5 Facts for HIV Awareness Month
If you were lucky enough to have sex ed in high school, your teacher probably told you that HIV/AIDS is the scariest, deadliest, and craziest sexually transmitted infection (STI) there is—in my health class they pretty much left it at that. Clearly, there’s more to know about HIV than that scare tactic, but since a lot has changed in the last few decades, I’ll give those sex ed teachers the benefit of the doubt.

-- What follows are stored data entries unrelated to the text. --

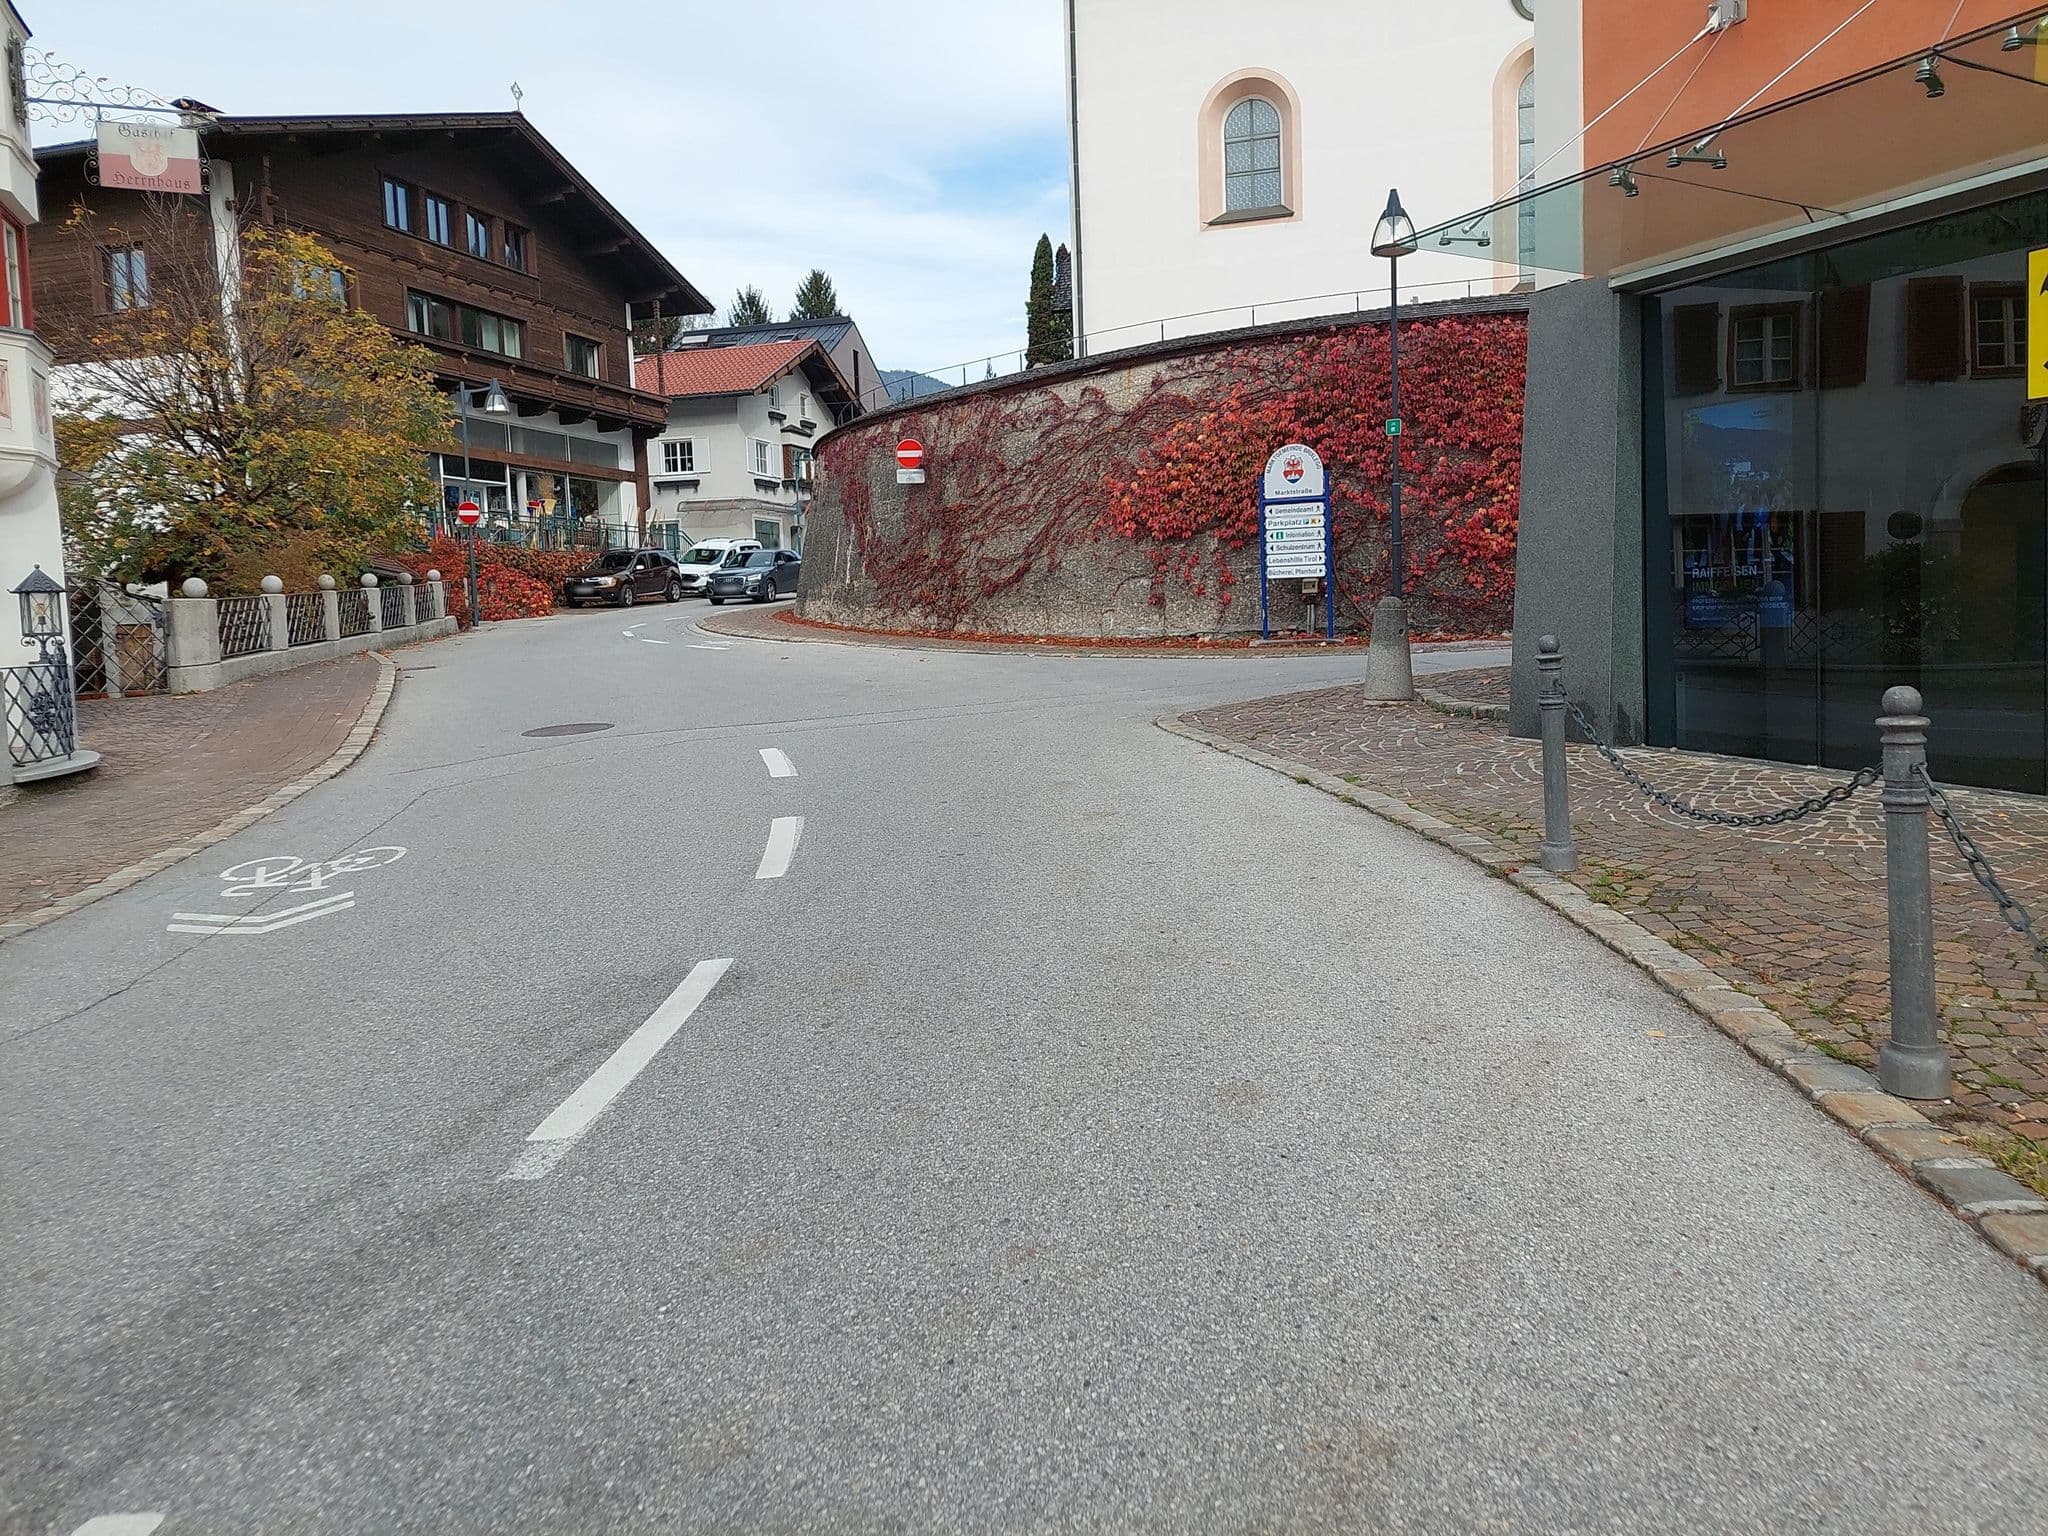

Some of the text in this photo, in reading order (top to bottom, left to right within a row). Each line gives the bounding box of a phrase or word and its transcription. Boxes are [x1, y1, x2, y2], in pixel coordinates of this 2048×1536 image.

[118, 123, 175, 138] Gasthf
[112, 171, 191, 189] Herrnhaus
[1275, 488, 1313, 496] Marktstraße
[1275, 506, 1314, 514] Gemeindeamt
[1268, 519, 1302, 527] Parkplatz
[1304, 555, 1317, 563] Tirol

Today more young people are using condoms and HIV can be treated (though not cured) with powerful drugs—especially if it’s caught early. Yet while HIV may no longer be seen as a death sentence, that doesn’t mean it shouldn’t be taken seriously. So, since knowledge is power and July is National HIV Awareness Month, here are 5 things you should know about HIV.
1) It’s not just ‘them’ who are at risk (it’s ‘us’). More young people are at risk for getting HIV than you might think—including young women. In fact, we make up 25% of new cases and we contract it at higher rates than our male partners/friends/lovers when having sexual intercourse (more surface area = more risk). I’m not trying to induce panic, but it’s worth noting that anyone can have or get HIV regardless of what they look like or what demographic they belong to. In other words, protecting yourself is important even if you’re not in the “risk groups” your gym teacher told you about.

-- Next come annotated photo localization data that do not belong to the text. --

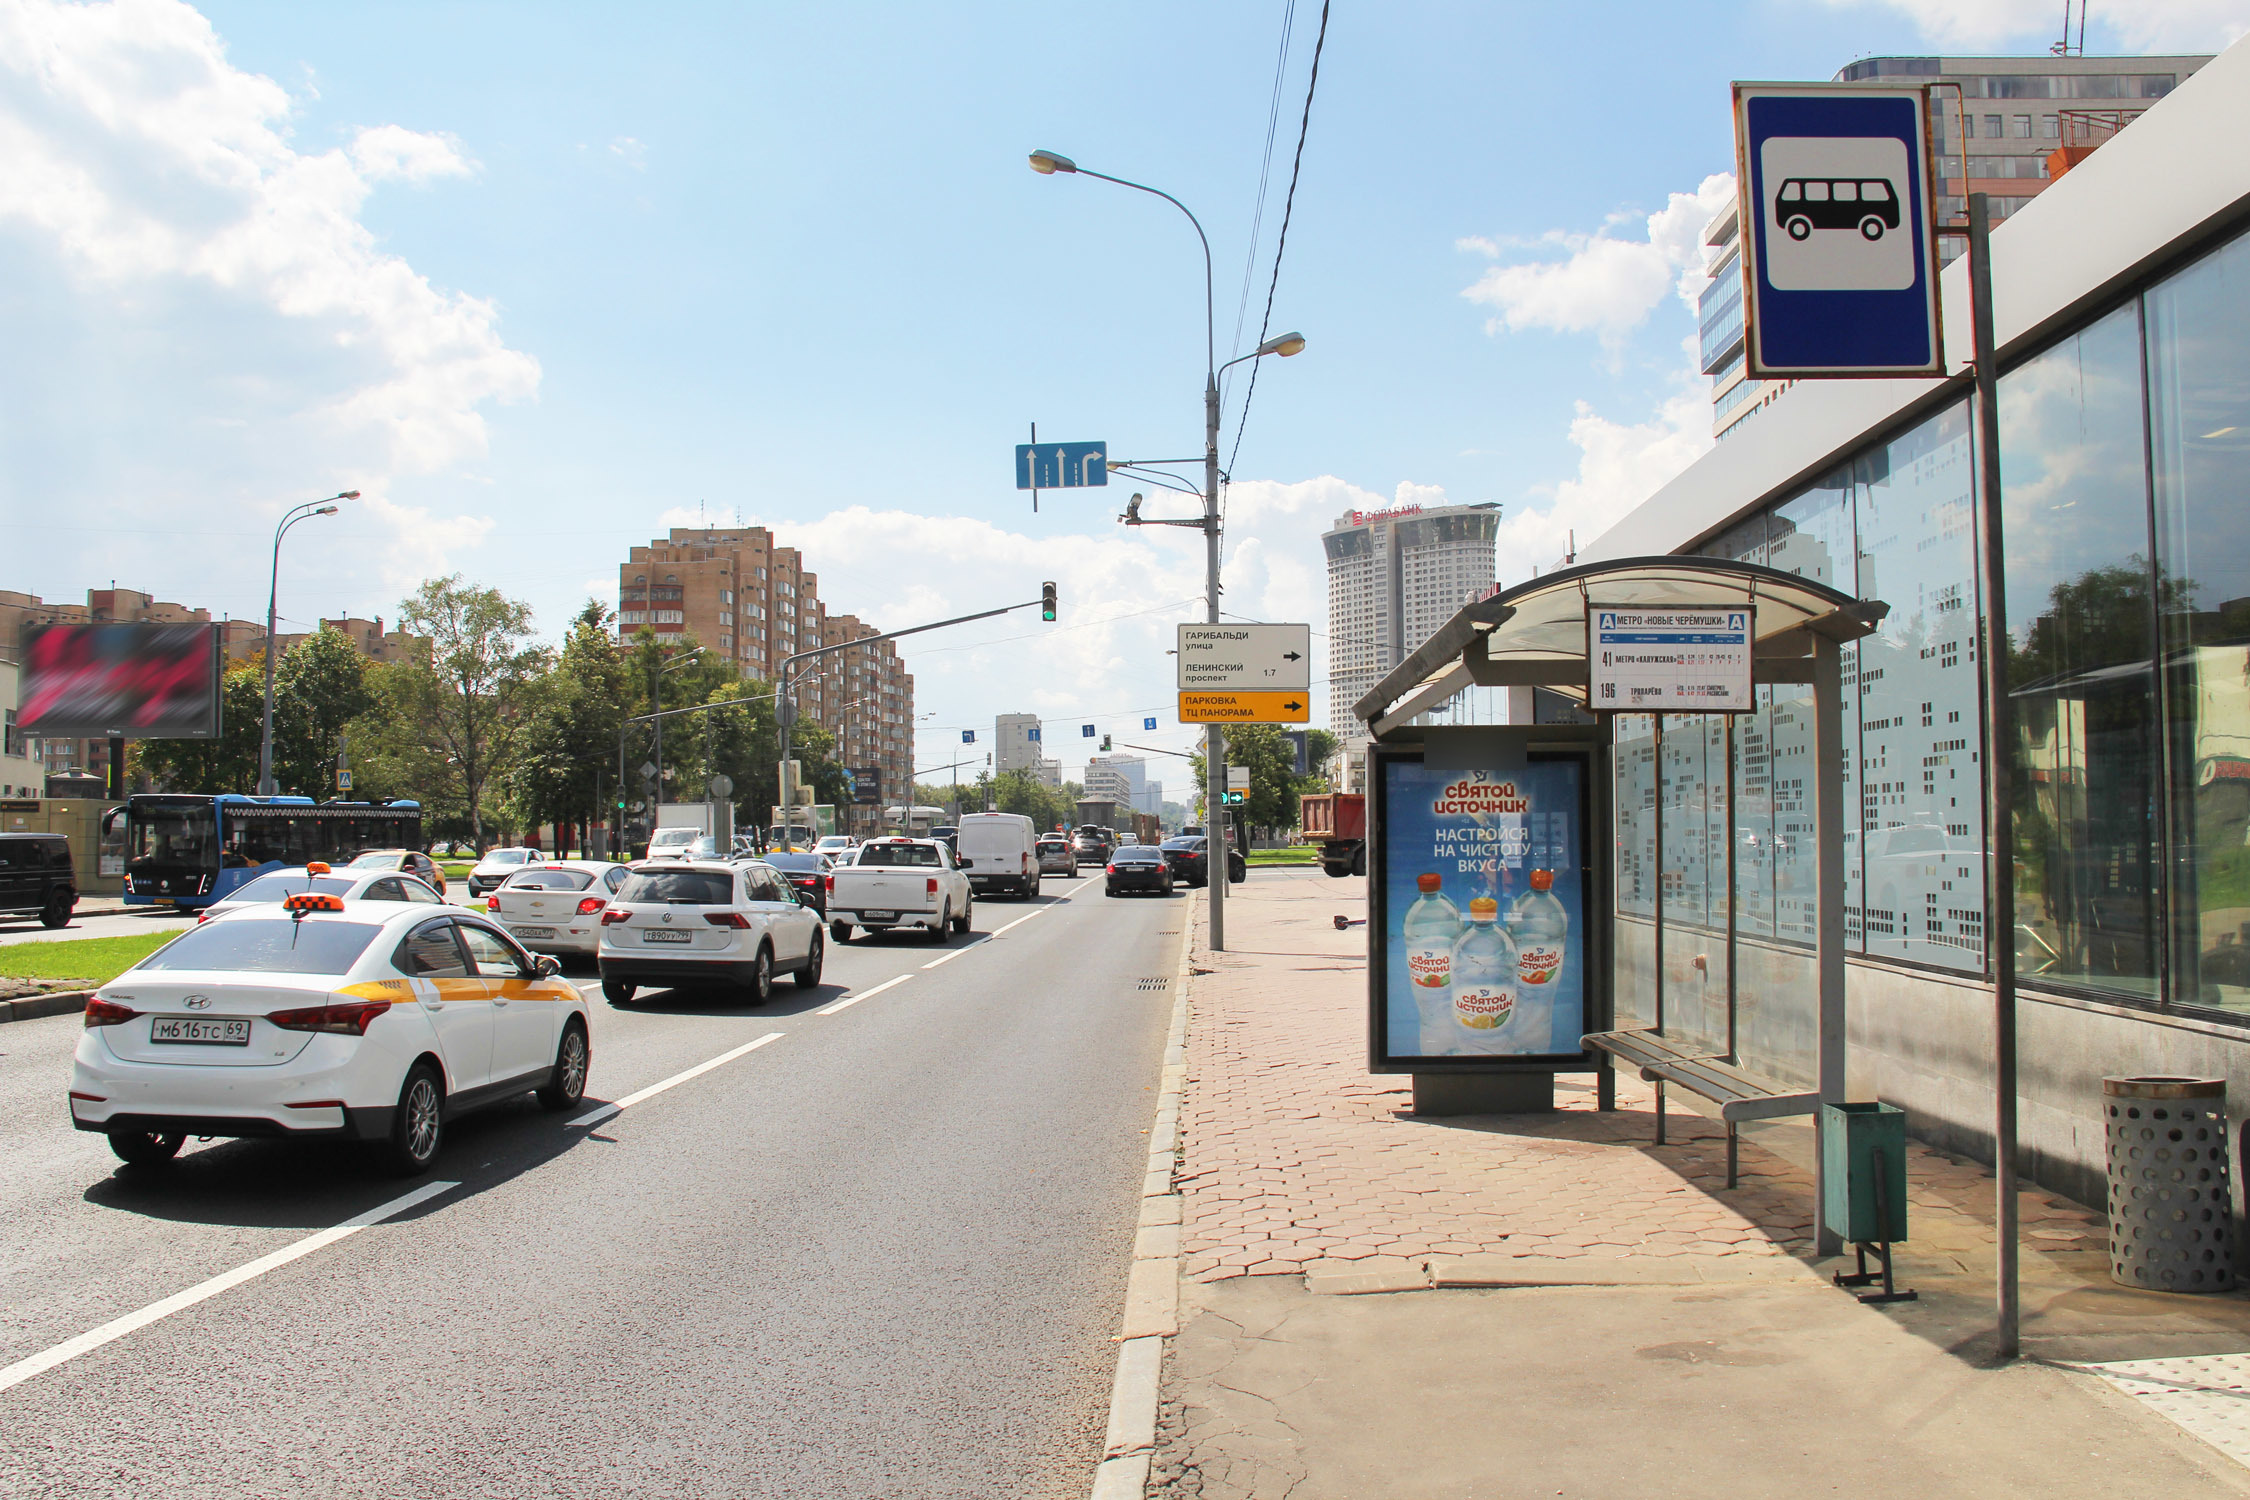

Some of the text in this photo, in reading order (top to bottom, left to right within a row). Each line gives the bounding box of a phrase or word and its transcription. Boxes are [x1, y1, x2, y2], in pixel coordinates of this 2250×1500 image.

[1617, 616, 1642, 625] МЕТРО
[1186, 632, 1249, 640] ГАРИБАЛЬДИ
[1186, 643, 1213, 651] улица
[1602, 651, 1612, 667] 41
[1616, 655, 1635, 663] МЕТРО
[1185, 663, 1244, 672] ЛЕНИНСКИЙ
[1264, 669, 1276, 677] 1.7
[1186, 675, 1227, 683] проспект
[1600, 683, 1616, 698] 196
[1185, 697, 1237, 705] ПАРКОВКА
[1186, 709, 1254, 718] ТЦ ПАНОРАМА
[1435, 827, 1529, 842] НАСТРОЙСЯ
[1434, 842, 1531, 857] НА ЧИСТОТУ
[1458, 859, 1508, 873] ВКУСА
[160, 1021, 244, 1039] М616ТС 69

2) It’s always worth using condoms. If he’s barebacking (as in not using a condom) with you during a hookup, he’s probably done it with someone else, who’s done it with another person (you see where I’m going with this…). Birth control is the only way to prevent pregnancy (besides not having sex, of course) and condoms prevent both pregnancy and HIV transmission (Condom <3). Here are some tips on talking about condoms if you’re single or in a long-term relationship (I recommend reading both). If you want to practice using a condom, follow these instructions or download CondomPro.
3) Getting tested is easy, often free, and very important for you and your partner. Your local clinic (or student clinic) can test for HIV with an oral swab or a blood test—just make sure to call ahead to see which kind of test they do if you don’t like needles (or like needles and don’t like cotton swabs). There are tons of clinics that will perform free or reduced-cost HIV tests—check out the CDC’s HIV website to find one near you. If you do test positive, there are tons of resources and reliable drugs that help control the illness.

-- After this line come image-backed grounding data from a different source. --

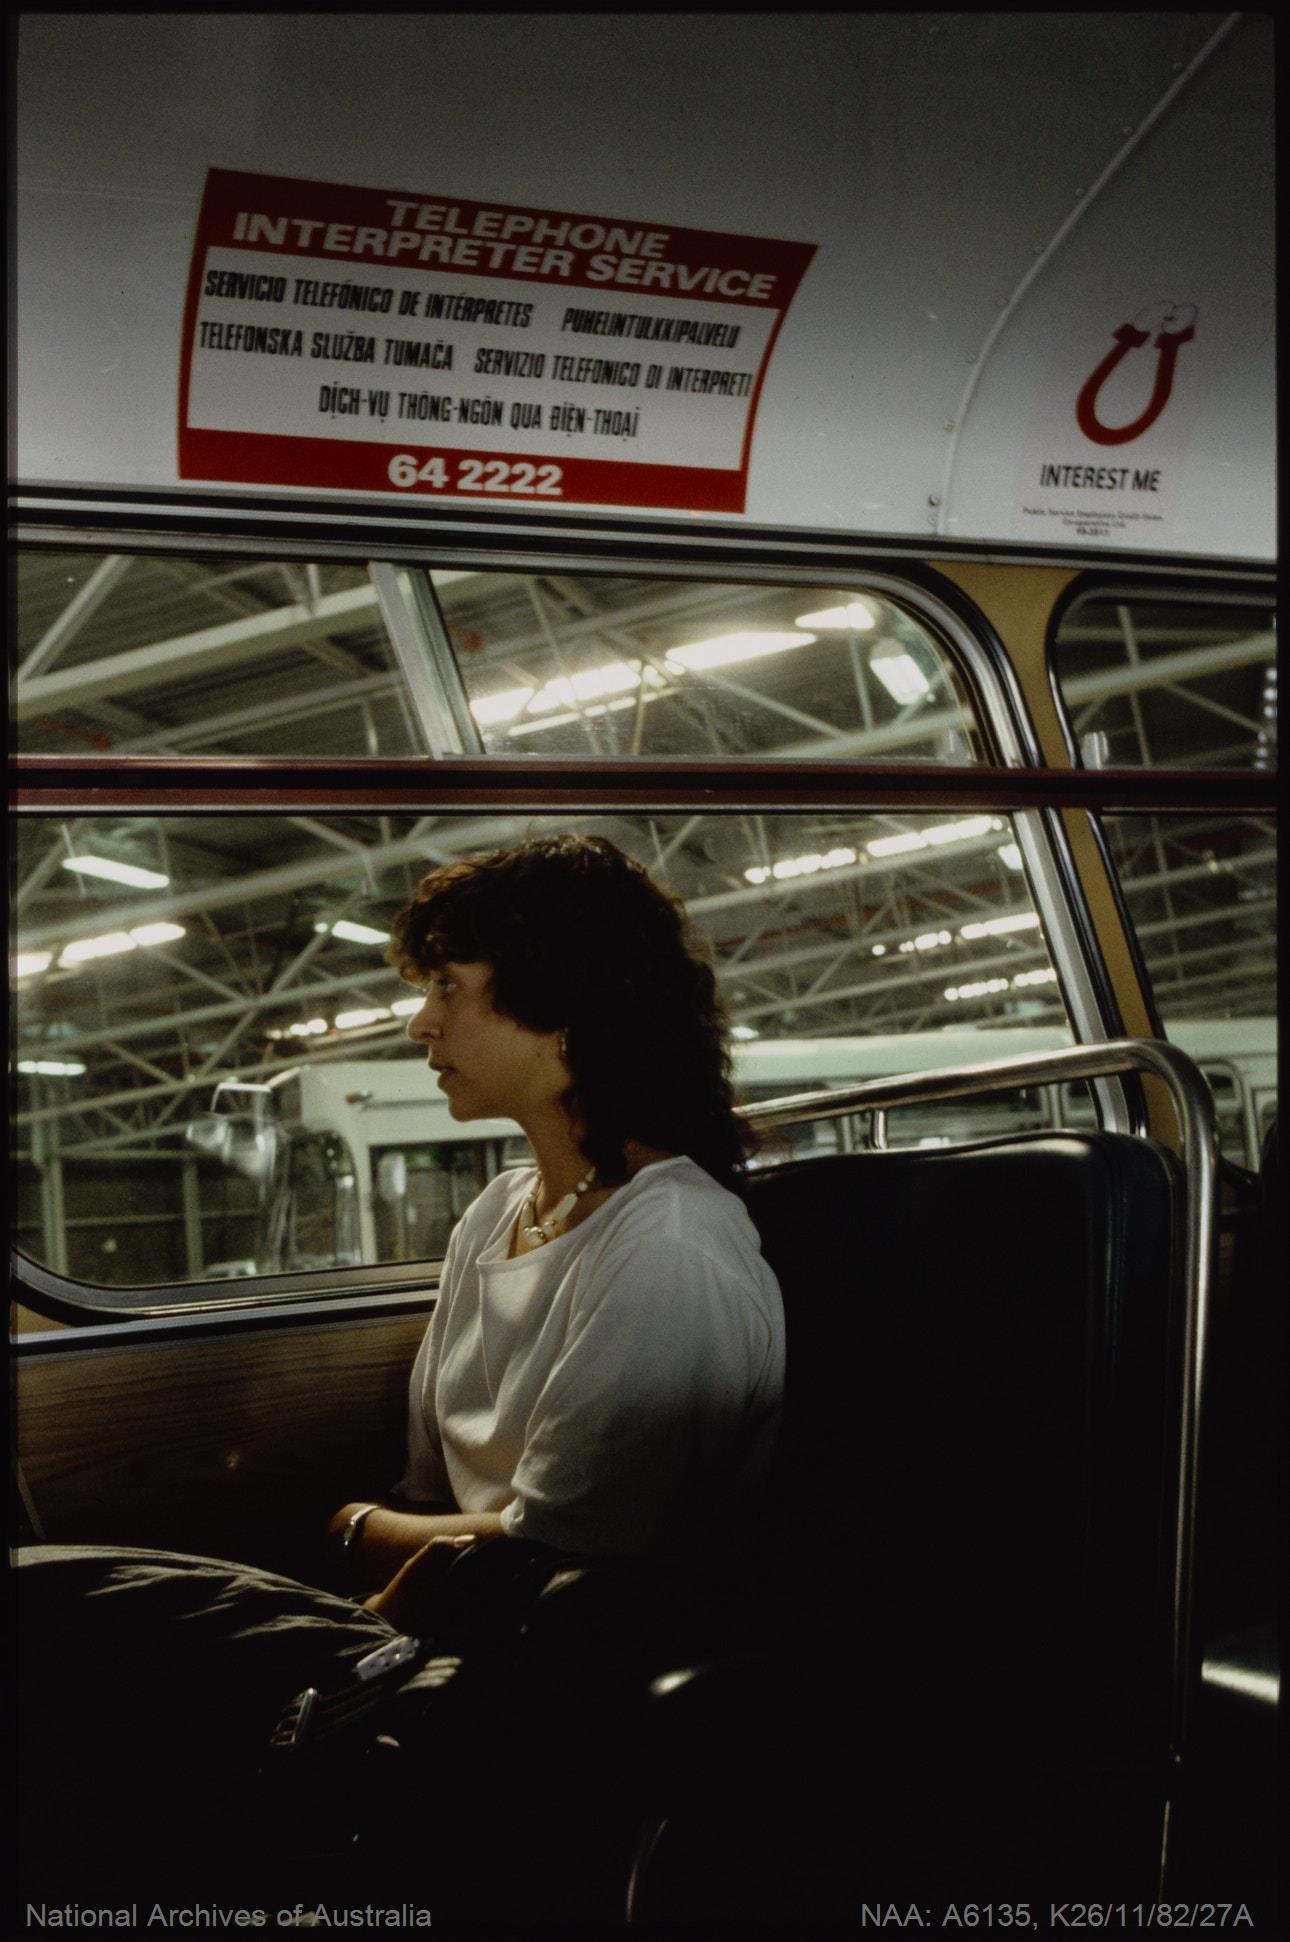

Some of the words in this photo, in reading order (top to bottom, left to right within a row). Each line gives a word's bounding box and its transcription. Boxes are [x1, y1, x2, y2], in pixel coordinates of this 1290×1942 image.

[387, 199, 670, 259] TELEPHONE
[232, 211, 576, 278] INTERPRETER
[585, 254, 778, 299] SERVICE
[204, 269, 287, 303] SERVICIO
[293, 278, 392, 315] TELEFÓNICO
[398, 290, 421, 317] DE
[424, 291, 535, 328] INTÉRPRETES
[200, 321, 304, 357] TELEFONSKA
[310, 330, 376, 364] SLUŽBA
[383, 338, 454, 371] TUMAČA
[561, 307, 742, 349] PUHELINTULKKIPALVELU
[474, 347, 547, 379] SERVIZIO
[552, 354, 641, 387] TELEFONICO
[645, 364, 663, 390] DI
[666, 366, 753, 398] INTERPRETI
[510, 401, 542, 431] QUA
[387, 454, 449, 489] 64
[456, 458, 563, 496] 2222
[1039, 463, 1129, 491] INTEREST
[1132, 468, 1162, 492] ME

4) Spermicide is good at killing sperm—not HIV. Spermicide (when used without a condom) does not prevent against HIV and may even increase your risk of getting HIV or other STIs since it can irritate the inside of the vagina. If you’re using spermicide without a condom, get yourself and your partner tested to make sure you’re being safe.
5) Other STIs, like herpes or gonorrhea, make it easier to get HIV. Apparently, these STIs make exposed surfaces more prone to infection, including HIV. Oh, and having HIV also makes it easier to get herpes—talk about a dangerous symbiotic relationship. One more reason to get tested—and treated, if necessary—for all STIs, not just HIV.
Bedsider thinks that babies are great when you’re ready. HIV, on the other hand, is never great and the best thing you can do (for yourself and your partners) is to avoid getting it in the first place. That said, ignorance is not bliss when it comes to any STIs—getting tested and knowing your status is the best way to stay healthy, regardless of what the test says.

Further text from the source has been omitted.